Issue Details (XML | Word | Printable)

Key: MBH-256
Type: Task Task
Status: Open Open
Priority: Normal Normal
Assignee: Robert Kaye
Reporter: Dave Evans
Votes: 0
Watchers: 0
Operations

If you were logged in you would be able to see more operations.
MusicBrainz Hosting

webalizer is killing wiley

Created: 01/Jul/12 08:59 PM   Updated: 03/Jul/12 08:47 PM
Component/s: None
Affects Version/s: None
Fix Version/s: None


 Description  « Hide

Load average and memory usage very high on wiley recently, due to webalizer.

djce@wiley:/usr/local/webstats/zaphod-nginx$ ls -lh tmp/carl/
total 4.1G
rw-rr- 1 root root 4.1G 2012-07-01 07:13 musicbrainz-full-combined.log-20120701
djce@wiley:/usr/local/webstats/zaphod-nginx$

Typical daily log size.

Possible approaches:

  • suck it up
  • use something other than webalizer
  • find a way to make webalizer use less resources (feed the log in in chunks? adjust webalizer.conf ?)
  • process less data (only feed in, say, 10% of the log at random)
  • process the data elsewhere (not on wiley)

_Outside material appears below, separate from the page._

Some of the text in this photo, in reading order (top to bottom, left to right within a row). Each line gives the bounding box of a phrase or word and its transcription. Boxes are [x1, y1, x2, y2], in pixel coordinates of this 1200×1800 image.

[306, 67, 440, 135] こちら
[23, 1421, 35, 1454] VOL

Sort Order: Ascending order - Click to sort in descending order
Dave Evans added a comment - 01/Jul/12 09:02 PM

Might want to disable webalizer processing of "musicbrainz-full" for now, until we resolve this.

To do so, edit zaphod-nginx-webalizer/wiley/bin/update-all in git.musicbrainz.org:sysadmin/stats (comment out musicbrainz-full); commit, push, pull onto wiley. Be careful when re-enabling though because by default it will try to catch up on all the logs it missed.


Robert Kaye added a comment - 03/Jul/12 08:47 PM

I have a couple of thoughts on this:

1. If we move backups away from wiley, does that buy us some time?
2. If so, then I think we should task plaintext with replicating the portions of webalizer we care about and do it using splunk. In theory, adding more queries and output types should be pretty quick once his project is finished. However, that wont his the live server until Mid Oct. Can we buy ourselves enough time?